┌────────
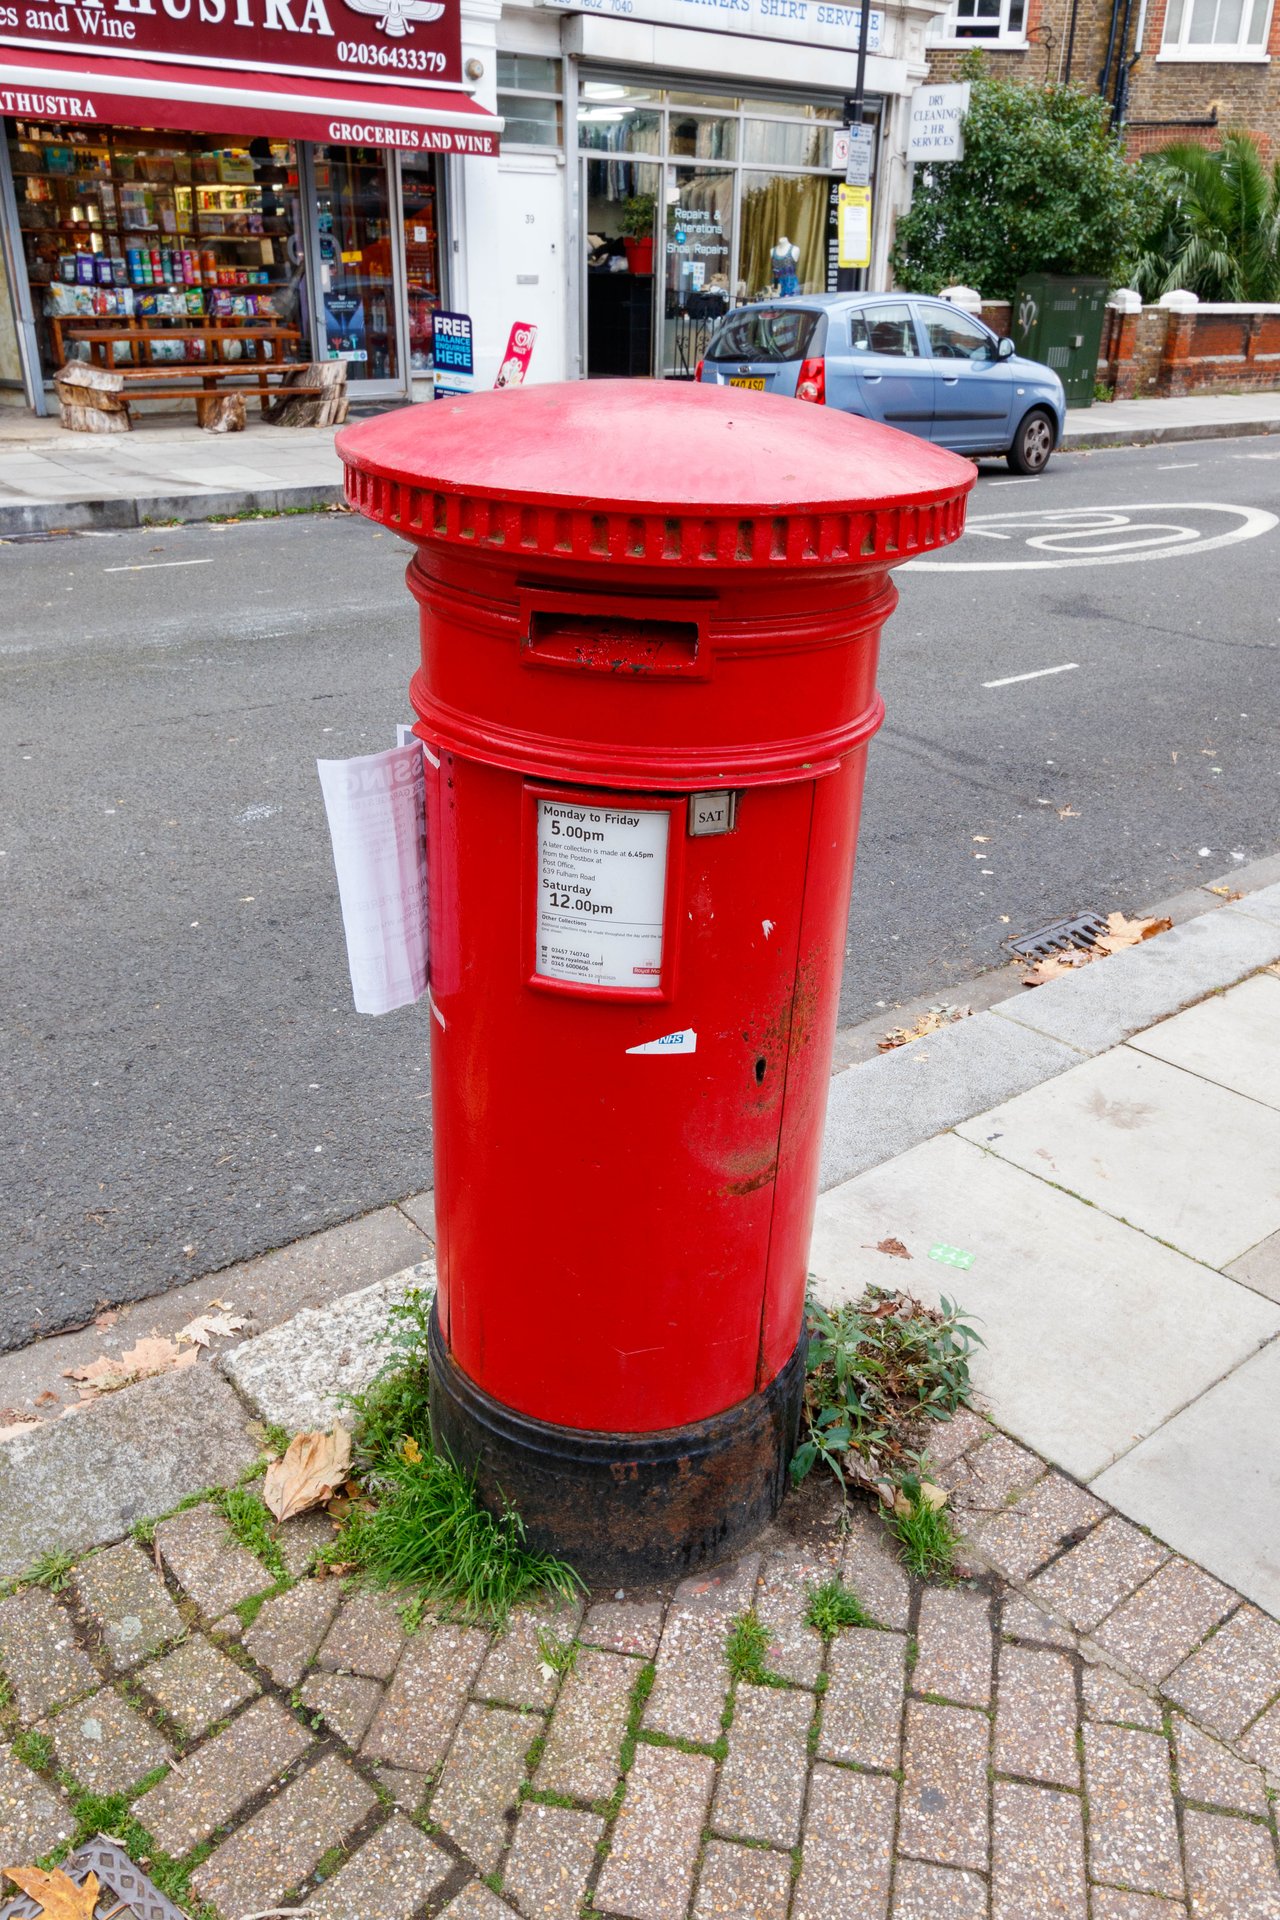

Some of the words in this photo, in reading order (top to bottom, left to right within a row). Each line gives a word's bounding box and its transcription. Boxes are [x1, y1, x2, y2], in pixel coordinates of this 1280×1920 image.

[760, 0, 808, 20] SHIRT
[817, 6, 879, 31] SERVIE
[26, 6, 70, 32] and
[74, 8, 136, 39] Wine
[337, 41, 446, 72] 02036433379
[929, 95, 944, 106] DRY
[913, 109, 958, 121] CLEANING
[923, 124, 928, 135] 2
[931, 124, 944, 135] HR
[329, 122, 419, 147] GROCERIES
[421, 132, 452, 149] AND
[454, 134, 492, 153] WINE
[912, 136, 954, 147] SERVICES
[525, 214, 535, 224] 39
[674, 208, 709, 220] Repairs
[713, 209, 721, 220] &
[674, 222, 722, 234] Alterations
[667, 243, 690, 254] Shoe
[694, 244, 728, 255] Repairs
[434, 316, 471, 337] FREE
[435, 334, 471, 346] BALANCE
[435, 342, 471, 353] ENQUIRIES
[435, 349, 471, 367] HERE
[543, 805, 586, 822] Monday
[589, 812, 600, 823] to
[605, 813, 640, 828] Friday
[698, 810, 724, 823] SAT
[551, 820, 604, 842] 5.00pm
[548, 841, 562, 850] later
[563, 844, 592, 855] collection
[600, 848, 618, 857] made
[627, 851, 654, 859] 6.45pm
[542, 849, 558, 858] from
[559, 851, 569, 860] the
[570, 854, 594, 864] Postbox
[542, 858, 556, 867] Post
[542, 867, 555, 875] 639
[556, 869, 579, 879] Fulham
[580, 873, 596, 881] Road
[542, 878, 592, 896] Saturday
[549, 892, 613, 915] 12.00pm
[541, 914, 557, 922] Other
[558, 917, 587, 927] Collections
[551, 947, 568, 955] 03457
[551, 954, 603, 966] www.royalmail.com
[566, 963, 589, 972] 6000606
[660, 1035, 683, 1044] NHS
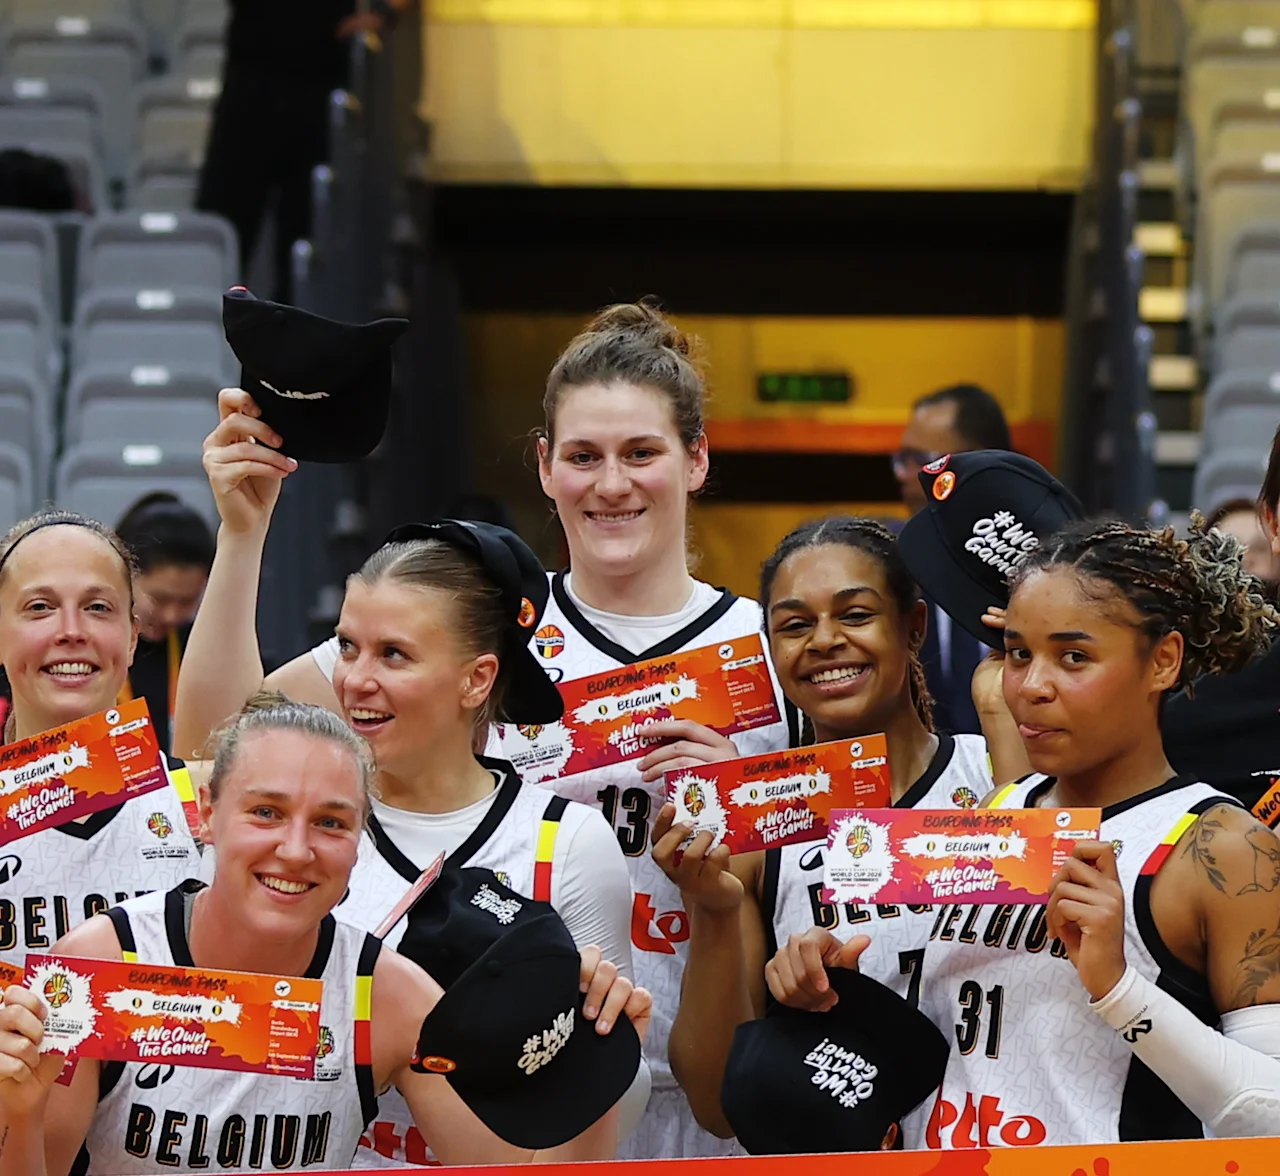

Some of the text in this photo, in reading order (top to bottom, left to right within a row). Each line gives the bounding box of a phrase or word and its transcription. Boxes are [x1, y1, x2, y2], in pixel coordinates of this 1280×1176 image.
└────────
▸ **TASK DESCRIPTION**
When you output the entries, keep each line exactly as it is and leave out any pictures.

▸ **EXERCISE RESPONSE**
Some of the words in this photo, in reading order (top to bottom, left to right within a row). Each line gives a word's bounding box and its transcription. Boxes are [x1, y1, x2, y2], in pixel coordinates of this 1280×1920 image.

[760, 0, 808, 20] SHIRT
[817, 6, 879, 31] SERVIE
[26, 6, 70, 32] and
[74, 8, 136, 39] Wine
[337, 41, 446, 72] 02036433379
[929, 95, 944, 106] DRY
[913, 109, 958, 121] CLEANING
[923, 124, 928, 135] 2
[931, 124, 944, 135] HR
[329, 122, 419, 147] GROCERIES
[421, 132, 452, 149] AND
[454, 134, 492, 153] WINE
[912, 136, 954, 147] SERVICES
[525, 214, 535, 224] 39
[674, 208, 709, 220] Repairs
[713, 209, 721, 220] &
[674, 222, 722, 234] Alterations
[667, 243, 690, 254] Shoe
[694, 244, 728, 255] Repairs
[434, 316, 471, 337] FREE
[435, 334, 471, 346] BALANCE
[435, 342, 471, 353] ENQUIRIES
[435, 349, 471, 367] HERE
[543, 805, 586, 822] Monday
[589, 812, 600, 823] to
[605, 813, 640, 828] Friday
[698, 810, 724, 823] SAT
[551, 820, 604, 842] 5.00pm
[548, 841, 562, 850] later
[563, 844, 592, 855] collection
[600, 848, 618, 857] made
[627, 851, 654, 859] 6.45pm
[542, 849, 558, 858] from
[559, 851, 569, 860] the
[570, 854, 594, 864] Postbox
[542, 858, 556, 867] Post
[542, 867, 555, 875] 639
[556, 869, 579, 879] Fulham
[580, 873, 596, 881] Road
[542, 878, 592, 896] Saturday
[549, 892, 613, 915] 12.00pm
[541, 914, 557, 922] Other
[558, 917, 587, 927] Collections
[551, 947, 568, 955] 03457
[551, 954, 603, 966] www.royalmail.com
[566, 963, 589, 972] 6000606
[660, 1035, 683, 1044] NHS

Some of the text in this photo, in reading order (top to bottom, left to right within a row). Each line gives the bounding box of a phrase or word and its transcription. Boxes are [x1, y1, x2, y2], in pixel coordinates of this 1280×1176 image.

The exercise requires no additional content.